Camus’ romantic celebration of this worldly life willn’t substitute man’s love for God, for eternity and immortality. His Noces (Nupitals) sings a paean to the sea and the Algerian earth, supplemented by equally rapturous prose canticles in honour of the “invincible summer.” His sings the pagan song of life’s splendour and majesty. He celebrates the body. The motto is a pagan and passionate affirmation of this world and a vehement denial of any longing for another life. He concludes his Nupitals with the oft quoted statement “The world is beautiful and outside it, there is no salvation.” He writes with great passion of the “beautiful face of the world” and his own sun drenched youth amid the “vast libertinage of nature.” He celebrates desires and love. “To embrace a woman’s body is also to retain, close to one, that strange joy which descends from the sky to the sea…. I love this life with abandon and I want to speak of it freely.” Here Camus echoes Gide’ Fruits of the Earth, Montherland and Giono wanting to suck all the juice from the life like Fitzgerald’s Umar Khayyam. The notion of hell appears as a pleasant joke, as Marlow’s Dr. Faustus had once imagined. Camus’ zest for life is founded on the principle that life is irreplaceable and irreducible to any abstraction. He believed that life with all of its tribulations and indignities was his only love, only faith.
His concern had always been for what Unamuno called the individual man of flesh and bones in the latter’s book The Tragic Sense of Life. The individual, Camus argued, ought to be the main concern of all genuine humanism and not an abstract ideological rendition of man. It is because he esteems individual over everything that he is led to absurdity because nature doesn’t respect individual. Individuality is an evil, a problem that needs to be overcome. The individual of flesh and bone is a product of sin or fall and any philosophy that bases itself on it is only a product of delusion. Nothing has degraded man more than humanism by severing his ties with genuine transcendence.
Czeslaw Milosz has observed in To Begin Where I Am: Collected Essays that Albert Camus was a modern-day Cathar in that if he denied the existence of God, it was perhaps because of his love for God, and his inability to justify such a being. This argument gets certain validitation by consideration of the overall tone of The First Man. Milosz as well as others critics have speculated that perhaps Camus was beginning to soften up his views on God and the absurd at the time of his death.
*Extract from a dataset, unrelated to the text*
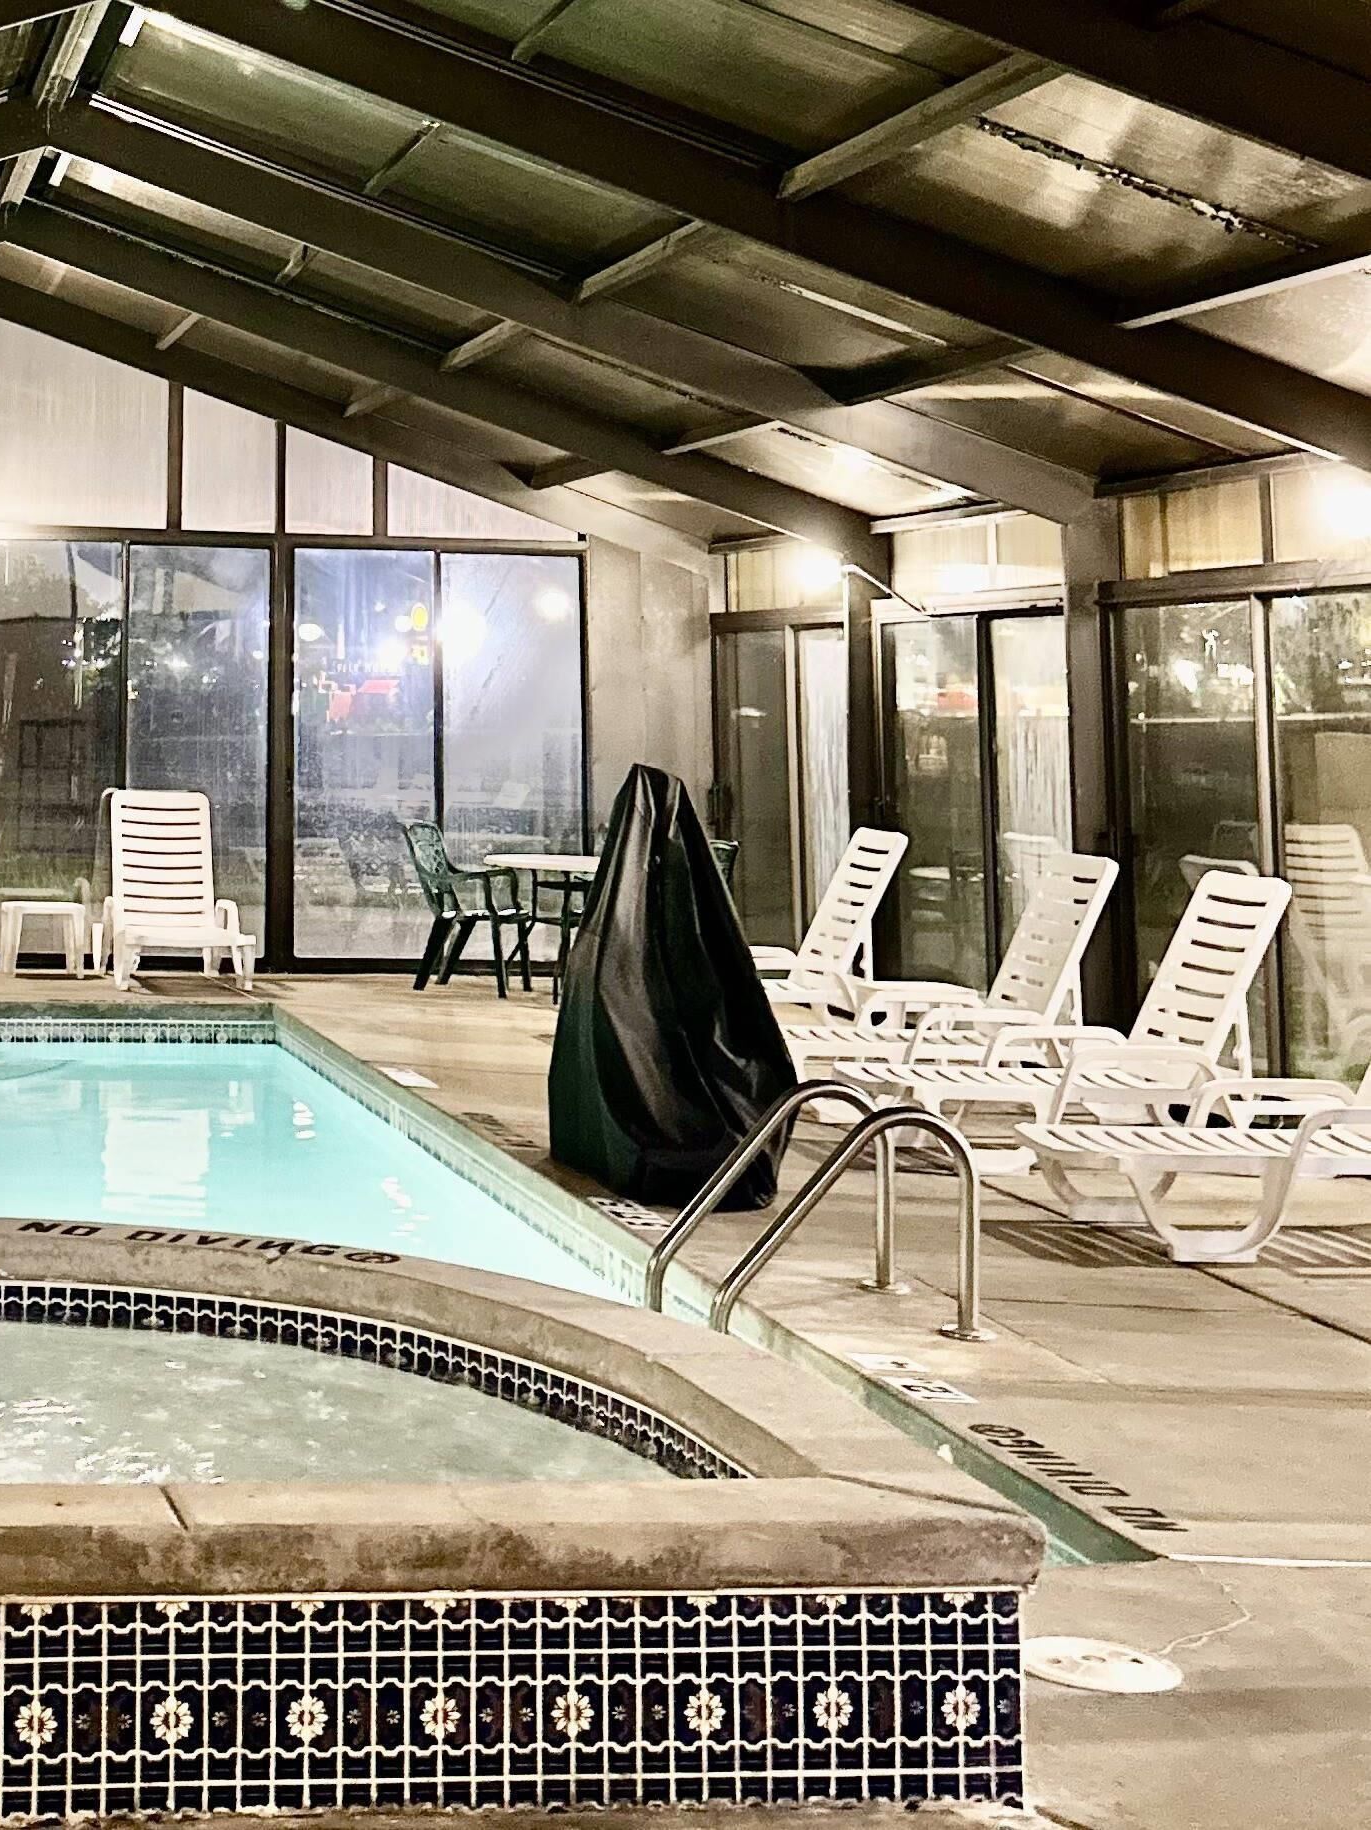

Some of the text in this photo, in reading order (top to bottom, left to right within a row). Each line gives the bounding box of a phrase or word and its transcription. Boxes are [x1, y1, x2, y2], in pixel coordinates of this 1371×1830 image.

[18, 1222, 342, 1256] NO DIVING
[987, 1439, 1189, 1533] NO DIVING
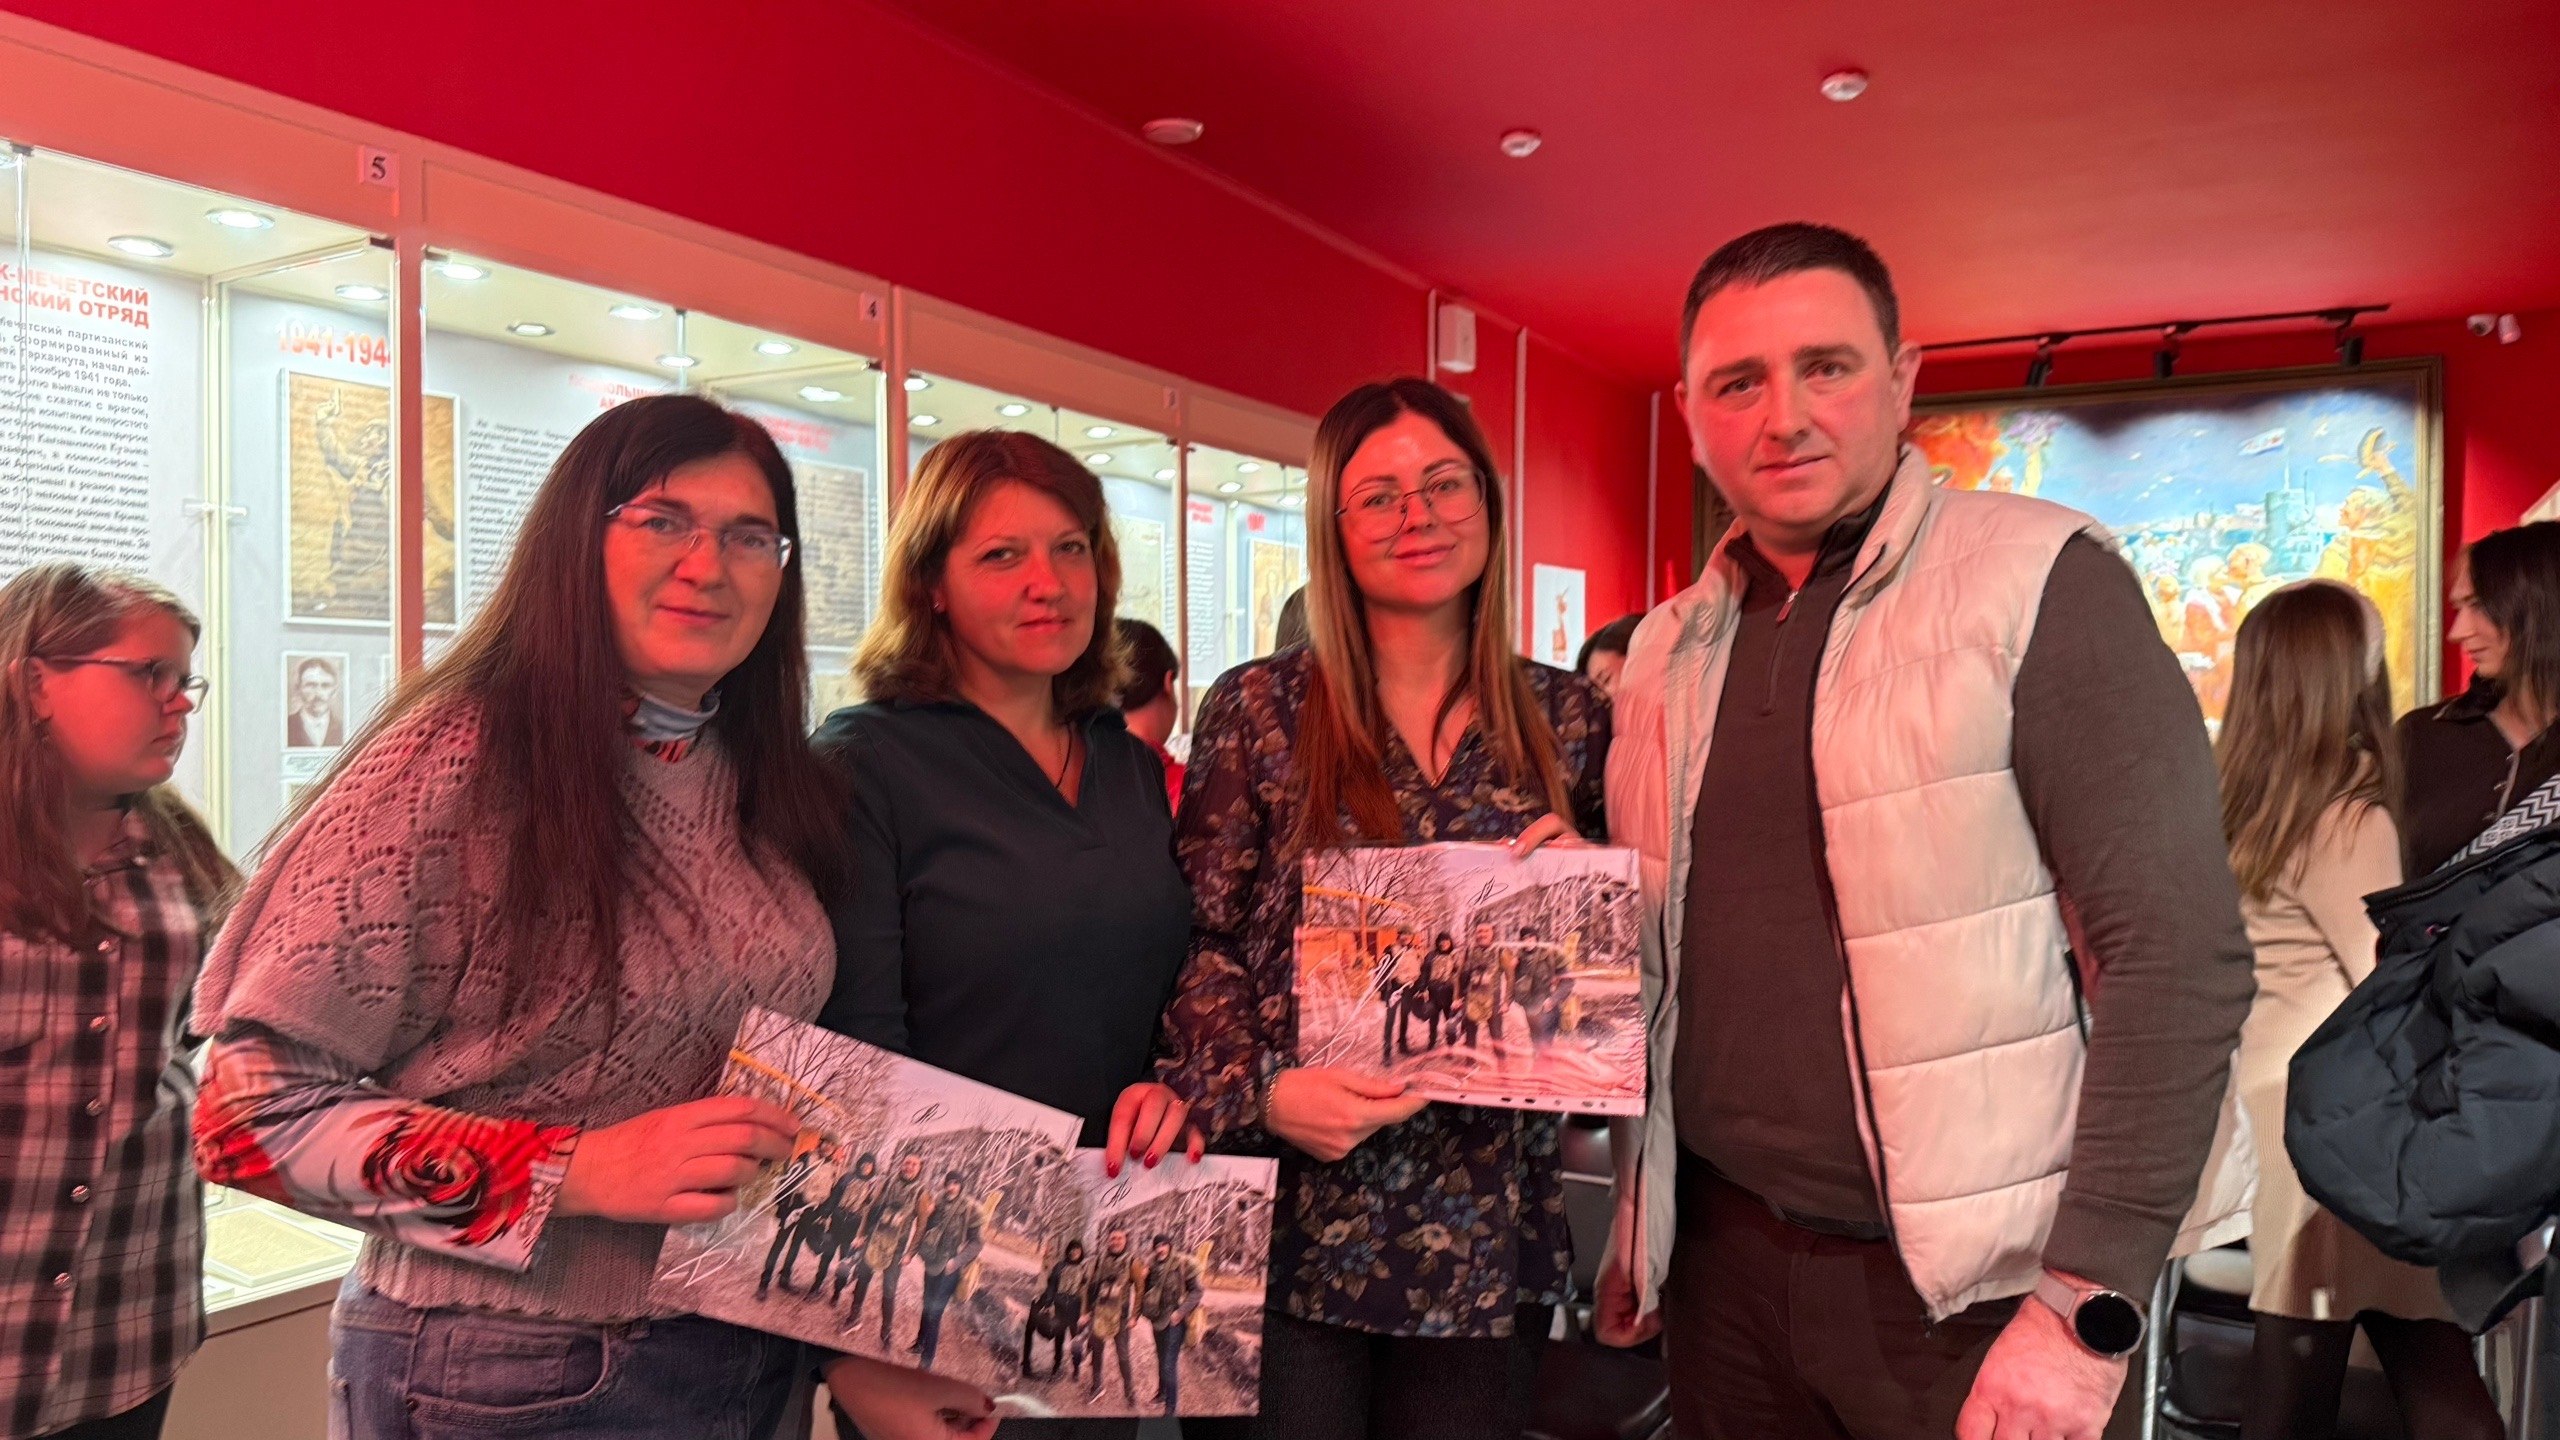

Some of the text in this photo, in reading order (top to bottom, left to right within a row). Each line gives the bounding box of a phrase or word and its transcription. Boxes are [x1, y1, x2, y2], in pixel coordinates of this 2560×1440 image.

Camus laments that we lack man’s pride which is fidelity to limits, lucid love of his condition (MS: 171). He praises precisely those elements in “Helen’s Exile” which perennialists also hail and in fact the perennialist critique of modernity converges on many points with Greek’s. “Admission of ignorance, rejection of fanaticism, the limits of the world and of man, beloved face, and finally beauty – this is where we shall be on the side of the Greeks” (MS: 171). He laments that
…through all her diverse ways, she (Europe) glorifies but one thing, which is the future rule of reason. In her madness she extends the eternal limits, and at that very moment, dark Erinyes falls upon her head and tear her to pieces. Nemesis, the goddess of measure and not of revenge, keeps watch. All those who overstep the limits are pitilessly punished (MS: 167).
He says that the Greeks didn’t negate sacred but we did (MS: 167). He wishes that “dreadful walls of the modern city will fall to deliver up – ‘soul serene as the ocean’s calm’- Helen’s beauty” (MS: 171) He deplores the absence of myth in modern philosophers who are imprisoned in reason (MS: 169). He points out that we have deserted great Hellenic heritage and are its renegade sons. Placing history on the throne of God we have turned barbarians. The myth of progress that perennialists and Camus detest follows from this faith in history. Like perennialists he finds such Hegelian deification of history and modern age detestable. “Only the modern city offers the mind a field in which it can become aware of itself.” He notes that in this world of world of big cities we have been deprived of all that constitutes its permanence such as
nature, the sea, hilltops, evening meditation. Consciousness is to be found only in the streets, because history is to be found only in the streets this is the edict. And consequently our most significant works show the same bias. Landscapes are not to be found in great European literature since Dostoevsky. History explains neither the natural universe that existed before it nor the beauty that exists above it (MS: 169).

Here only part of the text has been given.